### Your goal
The answer must match the material word for word, with every line included.

### Data provided
=======
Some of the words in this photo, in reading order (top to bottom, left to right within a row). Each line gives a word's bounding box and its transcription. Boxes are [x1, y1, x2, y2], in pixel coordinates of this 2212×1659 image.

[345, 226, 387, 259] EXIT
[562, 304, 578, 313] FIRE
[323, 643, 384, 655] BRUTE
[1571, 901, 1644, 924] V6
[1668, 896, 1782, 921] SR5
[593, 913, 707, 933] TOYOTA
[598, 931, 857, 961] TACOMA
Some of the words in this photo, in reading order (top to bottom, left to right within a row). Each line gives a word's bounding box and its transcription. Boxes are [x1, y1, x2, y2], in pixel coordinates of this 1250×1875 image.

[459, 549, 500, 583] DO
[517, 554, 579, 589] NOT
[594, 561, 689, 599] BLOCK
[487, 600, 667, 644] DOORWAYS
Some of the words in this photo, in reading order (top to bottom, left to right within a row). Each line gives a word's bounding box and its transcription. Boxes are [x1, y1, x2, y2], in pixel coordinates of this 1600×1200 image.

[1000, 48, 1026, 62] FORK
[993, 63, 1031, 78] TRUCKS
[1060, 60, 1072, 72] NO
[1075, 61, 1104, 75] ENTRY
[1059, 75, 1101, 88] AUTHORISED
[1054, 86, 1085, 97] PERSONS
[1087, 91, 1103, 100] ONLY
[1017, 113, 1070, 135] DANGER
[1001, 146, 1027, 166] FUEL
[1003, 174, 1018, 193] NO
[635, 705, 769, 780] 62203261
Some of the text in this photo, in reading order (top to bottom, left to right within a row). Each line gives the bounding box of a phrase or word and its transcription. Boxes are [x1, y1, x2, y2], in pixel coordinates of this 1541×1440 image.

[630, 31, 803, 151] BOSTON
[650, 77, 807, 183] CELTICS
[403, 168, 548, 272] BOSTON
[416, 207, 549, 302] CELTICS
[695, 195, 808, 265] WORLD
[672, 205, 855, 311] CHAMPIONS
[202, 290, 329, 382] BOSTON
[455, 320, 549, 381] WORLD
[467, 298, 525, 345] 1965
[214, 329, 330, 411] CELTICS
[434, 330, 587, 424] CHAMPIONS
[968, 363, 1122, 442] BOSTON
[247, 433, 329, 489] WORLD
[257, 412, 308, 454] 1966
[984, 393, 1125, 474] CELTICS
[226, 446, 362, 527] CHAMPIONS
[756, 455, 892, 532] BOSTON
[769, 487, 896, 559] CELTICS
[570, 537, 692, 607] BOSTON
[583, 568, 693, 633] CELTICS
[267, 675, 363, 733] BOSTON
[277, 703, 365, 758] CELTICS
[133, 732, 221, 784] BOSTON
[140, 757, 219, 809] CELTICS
=======
### Solution to the exercise
Some of the words in this photo, in reading order (top to bottom, left to right within a row). Each line gives a word's bounding box and its transcription. Boxes are [x1, y1, x2, y2], in pixel coordinates of this 2212×1659 image.

[345, 226, 387, 259] EXIT
[562, 304, 578, 313] FIRE
[323, 643, 384, 655] BRUTE
[1571, 901, 1644, 924] V6
[1668, 896, 1782, 921] SR5
[593, 913, 707, 933] TOYOTA
[598, 931, 857, 961] TACOMA
Some of the words in this photo, in reading order (top to bottom, left to right within a row). Each line gives a word's bounding box and its transcription. Boxes are [x1, y1, x2, y2], in pixel coordinates of this 1250×1875 image.

[459, 549, 500, 583] DO
[517, 554, 579, 589] NOT
[594, 561, 689, 599] BLOCK
[487, 600, 667, 644] DOORWAYS
Some of the words in this photo, in reading order (top to bottom, left to right within a row). Each line gives a word's bounding box and its transcription. Boxes are [x1, y1, x2, y2], in pixel coordinates of this 1600×1200 image.

[1000, 48, 1026, 62] FORK
[993, 63, 1031, 78] TRUCKS
[1060, 60, 1072, 72] NO
[1075, 61, 1104, 75] ENTRY
[1059, 75, 1101, 88] AUTHORISED
[1054, 86, 1085, 97] PERSONS
[1087, 91, 1103, 100] ONLY
[1017, 113, 1070, 135] DANGER
[1001, 146, 1027, 166] FUEL
[1003, 174, 1018, 193] NO
[635, 705, 769, 780] 62203261
Some of the text in this photo, in reading order (top to bottom, left to right within a row). Each line gives the bounding box of a phrase or word and its transcription. Boxes are [x1, y1, x2, y2], in pixel coordinates of this 1541×1440 image.

[630, 31, 803, 151] BOSTON
[650, 77, 807, 183] CELTICS
[403, 168, 548, 272] BOSTON
[416, 207, 549, 302] CELTICS
[695, 195, 808, 265] WORLD
[672, 205, 855, 311] CHAMPIONS
[202, 290, 329, 382] BOSTON
[455, 320, 549, 381] WORLD
[467, 298, 525, 345] 1965
[214, 329, 330, 411] CELTICS
[434, 330, 587, 424] CHAMPIONS
[968, 363, 1122, 442] BOSTON
[247, 433, 329, 489] WORLD
[257, 412, 308, 454] 1966
[984, 393, 1125, 474] CELTICS
[226, 446, 362, 527] CHAMPIONS
[756, 455, 892, 532] BOSTON
[769, 487, 896, 559] CELTICS
[570, 537, 692, 607] BOSTON
[583, 568, 693, 633] CELTICS
[267, 675, 363, 733] BOSTON
[277, 703, 365, 758] CELTICS
[133, 732, 221, 784] BOSTON
[140, 757, 219, 809] CELTICS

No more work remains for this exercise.